But when they played the tapes back, they found that ... other items had intruded. Someone speaking, fast and urgent, in what might be Polish. A twittering, like small birds in a wood ... Once, a woman's irate voice...
Hilary Mantel, Beyond Black

The Husband suggests the design of my blog should be "a single tear drop." We are sitting at a table on an Alexandria sidewalk when he says this, having lunch with Moo and Herself and taking a break from the art festival we've been wandering through. He is having a Corona beer and I am having a margarita, and it is a muggy Saturday afternoon and we are having a pretty good time. At the table next to us is a middle-aged couple, sitting with their little girl and next to their table is a buggy covered with pink netting: their new baby is inside the buggy, asleep. The mother and I start talking to each other the way mothers will, telling stories and comparing, and I am halfway through a story when I reach a point where I can either say that The Husband and I do not live together, or I can change one tiny detail so that we--Moo, Herself, The Husband and I--so that we remain, for the length of the conversation, a functioning and cohesive Unit: a normal family, on a normal family outing, on a normal weekend, in our normal life together. I hesitate for just a second, and then finish the story.
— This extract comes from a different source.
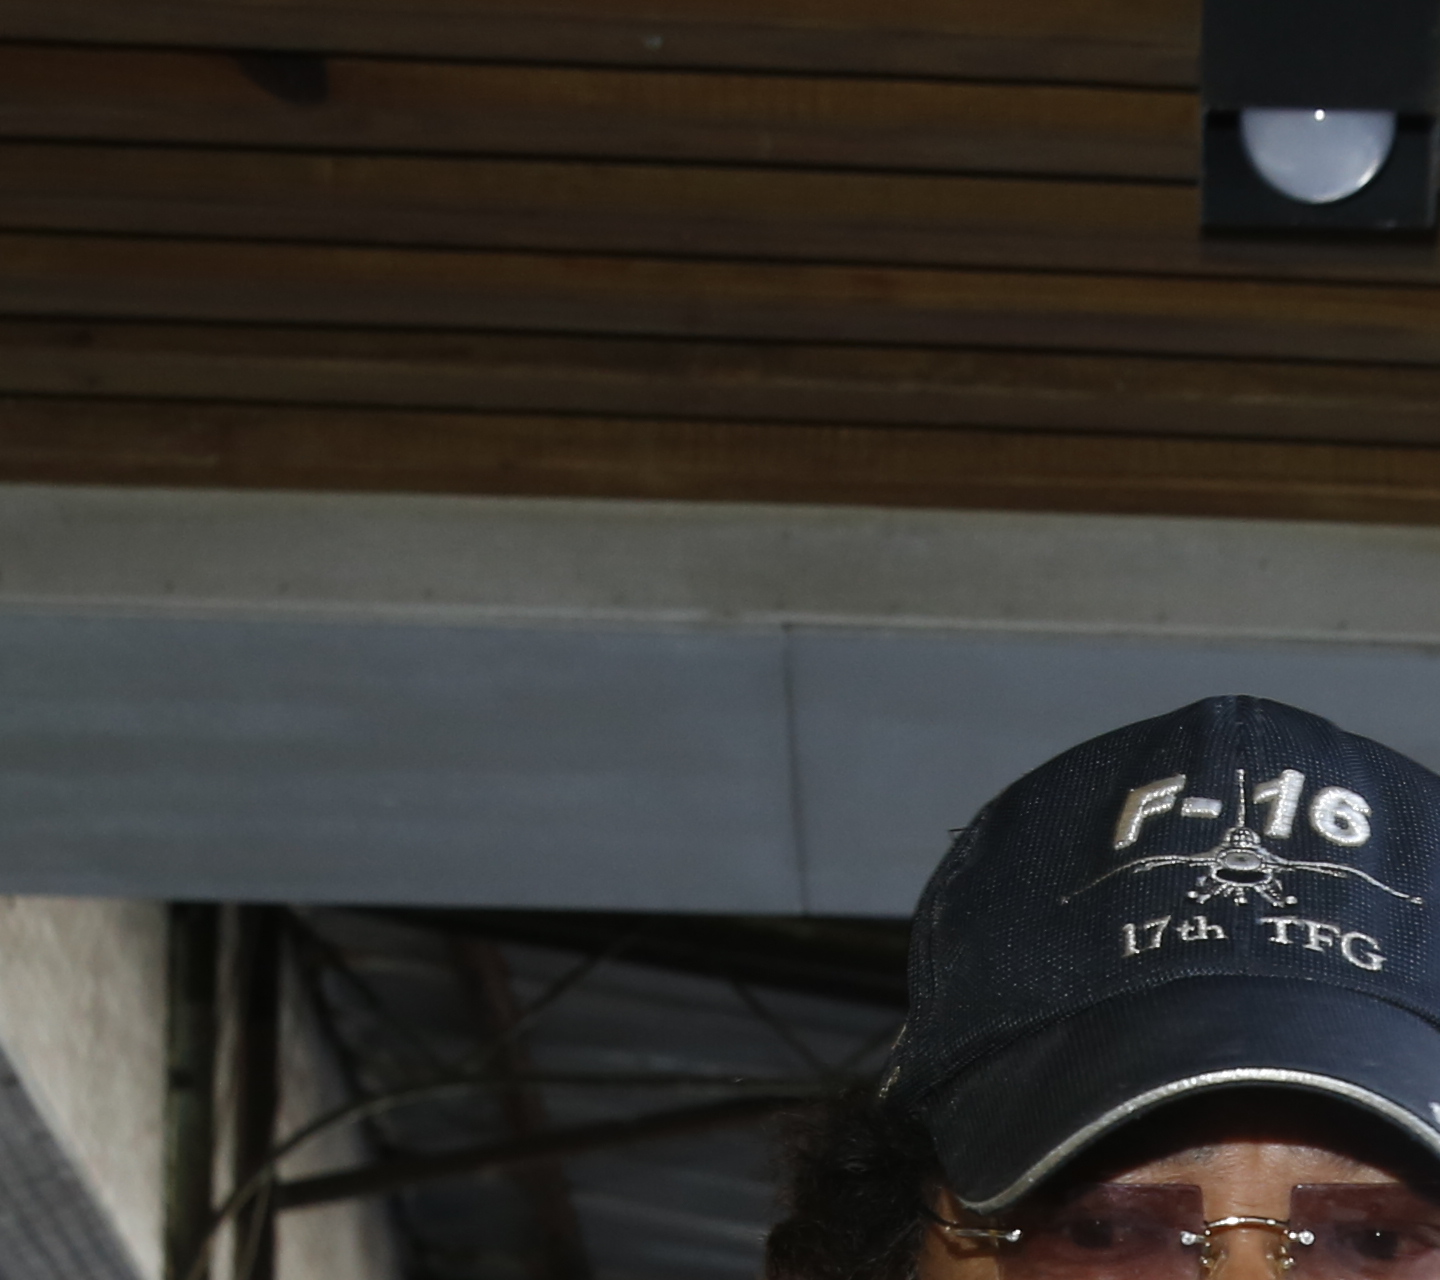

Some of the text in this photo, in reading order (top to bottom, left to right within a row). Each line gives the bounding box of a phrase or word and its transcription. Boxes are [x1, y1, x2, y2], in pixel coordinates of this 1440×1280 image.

[1113, 768, 1372, 849] F-16
[1120, 914, 1387, 972] 17th TFG
I understand that The Husband's remark is meant to be taken facetiously but not really, since he is not in favor of how I write my blog, which is to say from the point of emotion, which is to say that many of the entries sound like I am sad. He doesn't realize that when I sit down to write I might have a very different outcome in mind but something happens when my fingers are on the keyboard and how I'm feeling tends to leak out--but often I don't even realize "how I'm feeling" is how I'm feeling... it's almost like being a medium, channeling somebody else's impressions/emotions/ life, holding it in or maybe not picking up the phone until I sit down and I look at the computer screen and I think, maybe "I'll write about what I had for dinner" but when I hit Preview and read what I've written there's not one thing on the page that remotely resembles a story about meatloaf.
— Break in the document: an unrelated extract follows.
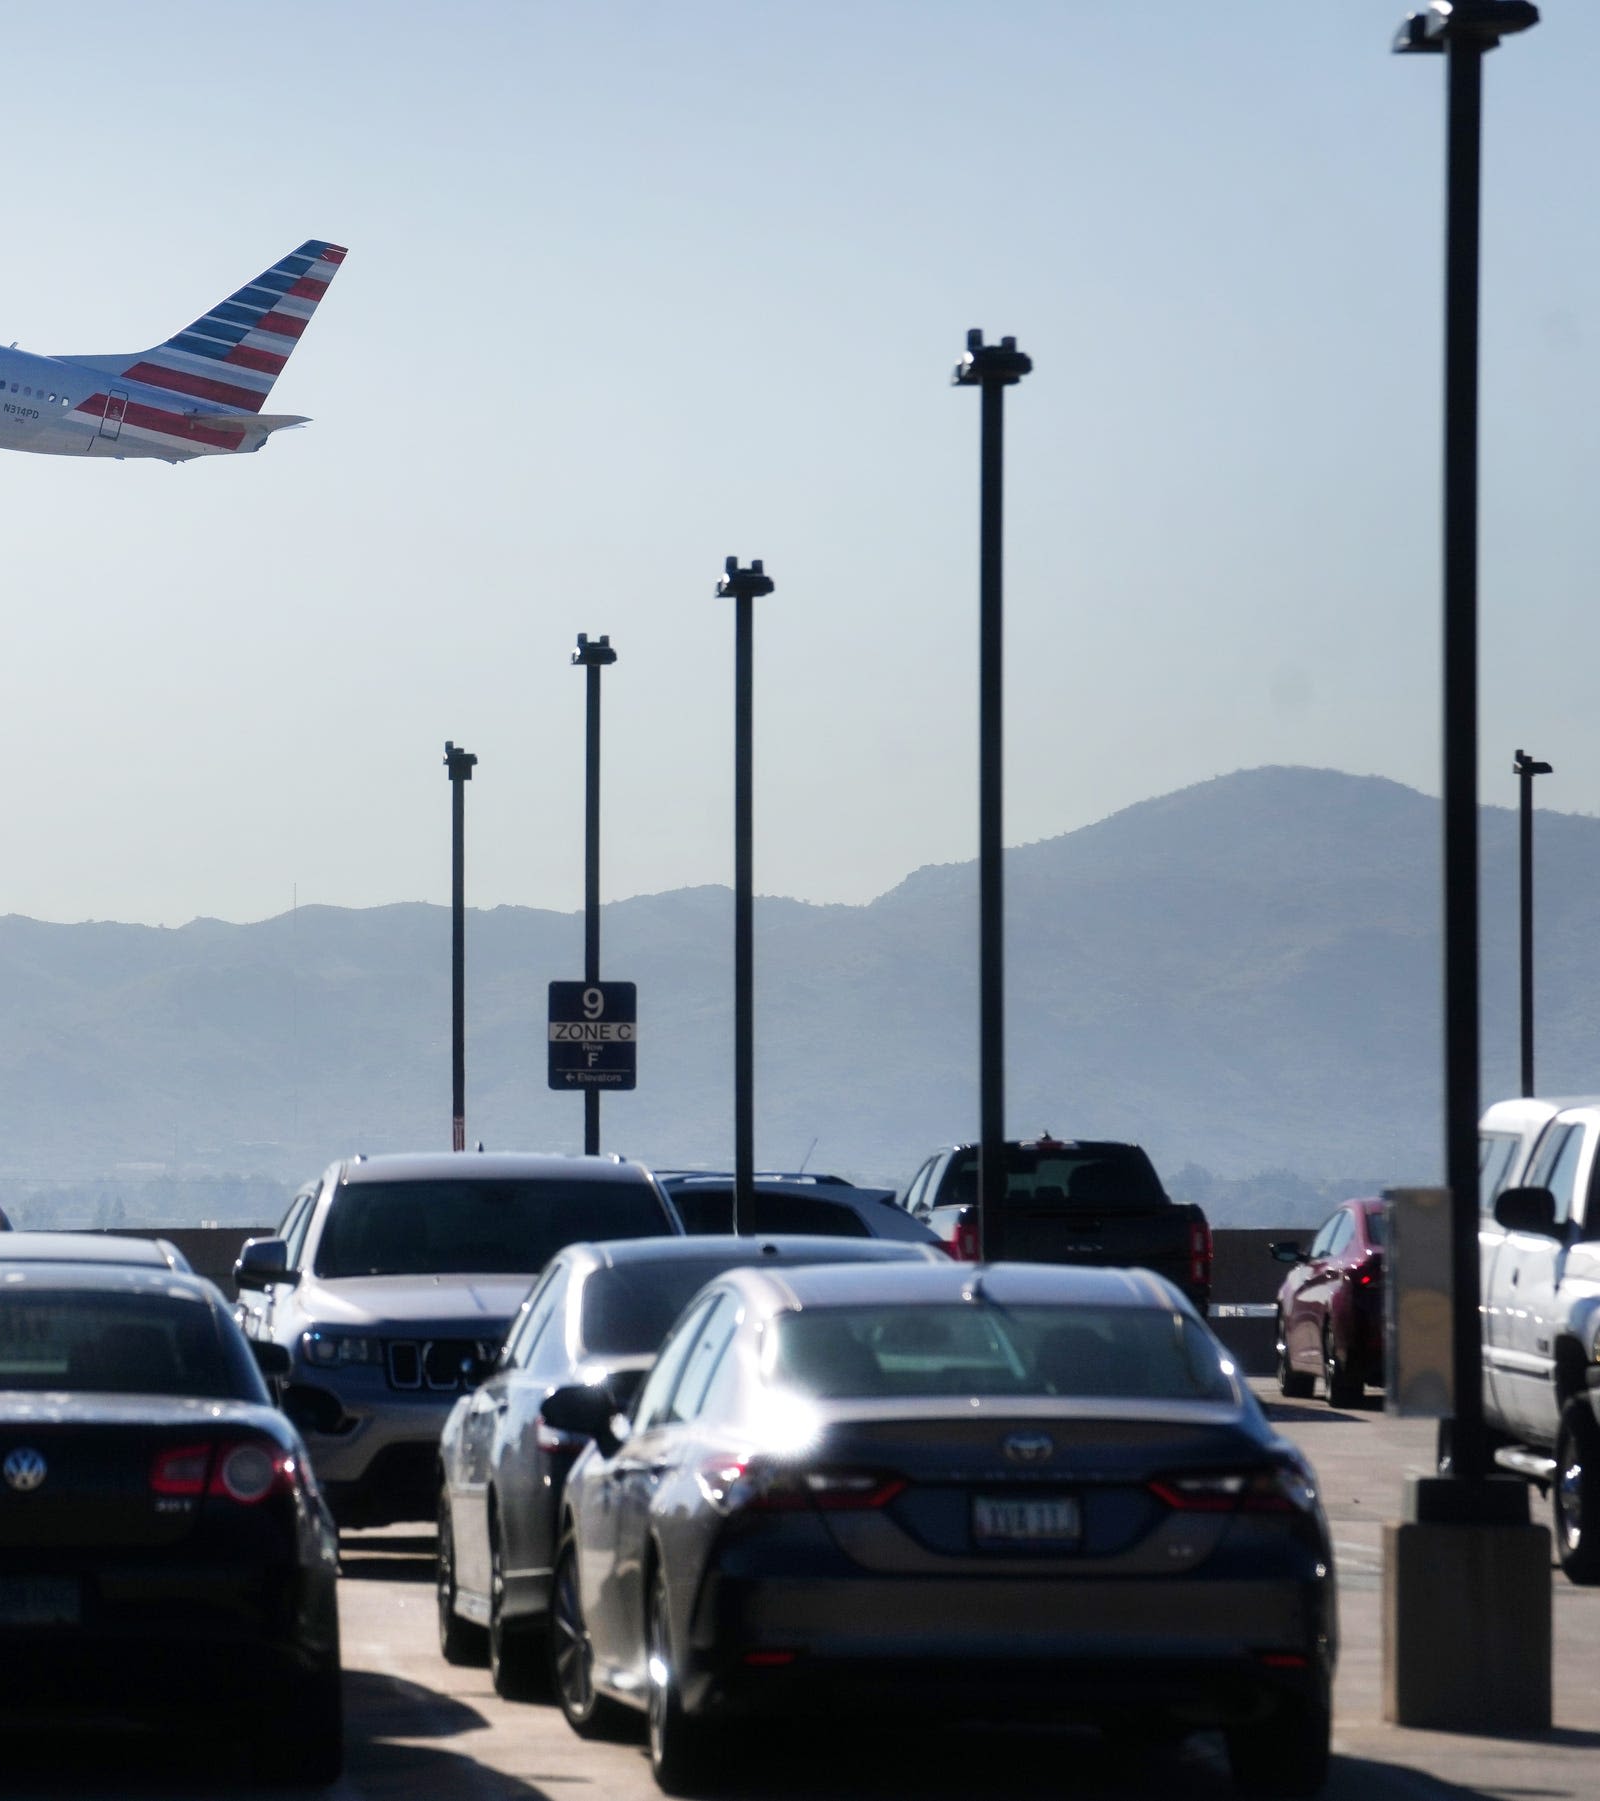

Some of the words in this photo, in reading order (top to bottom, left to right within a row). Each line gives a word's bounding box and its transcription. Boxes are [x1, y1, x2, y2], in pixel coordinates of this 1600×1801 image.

Posted by JudyLa at 03:30 AM | Comments (0)

September 08, 2005

falling scales

It's funny--well, not funny, exactly, but interesting--how wrong a person can be. How wrong I can be, especially when I feel, quite strongly, that I am right. Take yesterday, for example. When I wrote yesterday that I thought The Husband probably felt jumping out of a plane together would illustrate something about our relationship and how we feel about each other ... "I want to do this with you," he said ... what he meant was, actually,"When adversity gets you down, a parachute jump will give you a whole new perspective." Or something like that. It wasn't an "I love you" pep-talk, it was something else entirely.
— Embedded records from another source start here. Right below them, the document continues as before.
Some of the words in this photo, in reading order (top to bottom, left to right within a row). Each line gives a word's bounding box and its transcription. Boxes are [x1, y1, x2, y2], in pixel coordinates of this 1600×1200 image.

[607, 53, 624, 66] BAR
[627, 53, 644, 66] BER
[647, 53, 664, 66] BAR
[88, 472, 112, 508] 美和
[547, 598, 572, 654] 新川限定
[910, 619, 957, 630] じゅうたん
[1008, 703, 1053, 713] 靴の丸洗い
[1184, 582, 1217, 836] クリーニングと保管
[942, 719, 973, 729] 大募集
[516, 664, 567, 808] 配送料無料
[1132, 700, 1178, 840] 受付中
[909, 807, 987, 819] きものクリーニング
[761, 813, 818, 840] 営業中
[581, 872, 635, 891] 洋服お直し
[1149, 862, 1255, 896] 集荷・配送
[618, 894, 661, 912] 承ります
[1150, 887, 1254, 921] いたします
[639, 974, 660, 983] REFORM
Yes, this is the type of thing that keeps me up at night. How I can be so wrong, so much of the time, and still insist to myself that I'm not wrong. Why I think that things are what they are not. Why I think that things are not what they are. How it is that I can fool myself into thinking what I am doing is the right thing, when it is not. And why I can see what is the wrong thing, but only after ... only after I feel like this. Only after being forced to see.

Oh, today was a bad day.

Posted by JudyLa at 11:00 PM | Comments (0)

September 07, 2005

into the great wide open

For my birthday, The Husband wants me to jump out of a plane with him. He tells me this as we walk along Connecticut Avenue, past the cordoned-off sections of street and the black limousines and the police and the trucks with satellite dishes on them and the news cameras and the crowds gathered to see what they can of Rehnquist’s funeral. We pass all this on our way to DuPont Circle, where we will eat lunch in the park on this warm, sunny September mid-afternoon.

The Husband tells me about jumping because when he mentioned just now that he had something planned for my birthday I replied that anything was fine “so long as it doesn’t involve jumping out of a plane.” “That’s exactly what it is,” he said.

Immediately I felt a wave of fear so strong that I half-thought I was going to have to lean over the gutter and vomit into it. After the fear, or should I say after the urge to hurl, passed, I had the weird, unpleasant feeling yet again that The Husband has no idea most of the time who he is dealing with. Who does he see when he looks at me, I wonder. Because he thinks, or seems to think—he is positive, in fact—that I am a person who would enjoy jumping out of a plane, or taking the helm of a sailboat on windy day, or bungee-jumping, or skiing. And he is wrong.

About the jumping, I think perhaps The Husband feels that our leaping from a plane together and free-falling thousands of feet will make A Statement about our relationship, and that we love and trust each other and that we’ll work through these things that are so hard right now, work them all out in space before landing on solid ground.

As we walk toward the park and he talks about how wonderful this would be I think, why is it that a near-death experience will say to him what regular life hasn’t? Why, for him, will my being willing to be terrified past terror say “I’ll be here” in a way that my not filing for divorce hasn’t? If he wants a statement that says “I’m not leaving,” why can’t he just look into my eyes and see it? If he wants a statement, a promise, something meaningful, something like jumping from a plane thousands of feet above the ground, hoping the parachute will save us instead of, perhaps, stubbornly refusing to release, hoping it will let us land whole, complete, still us, still breathing, instead of smacking us against the face of the earth after all, dissolving our bones and flesh—if he wants something like that, the fear and the promise and the hope and the terror, then here’s my suggestion: let’s get married.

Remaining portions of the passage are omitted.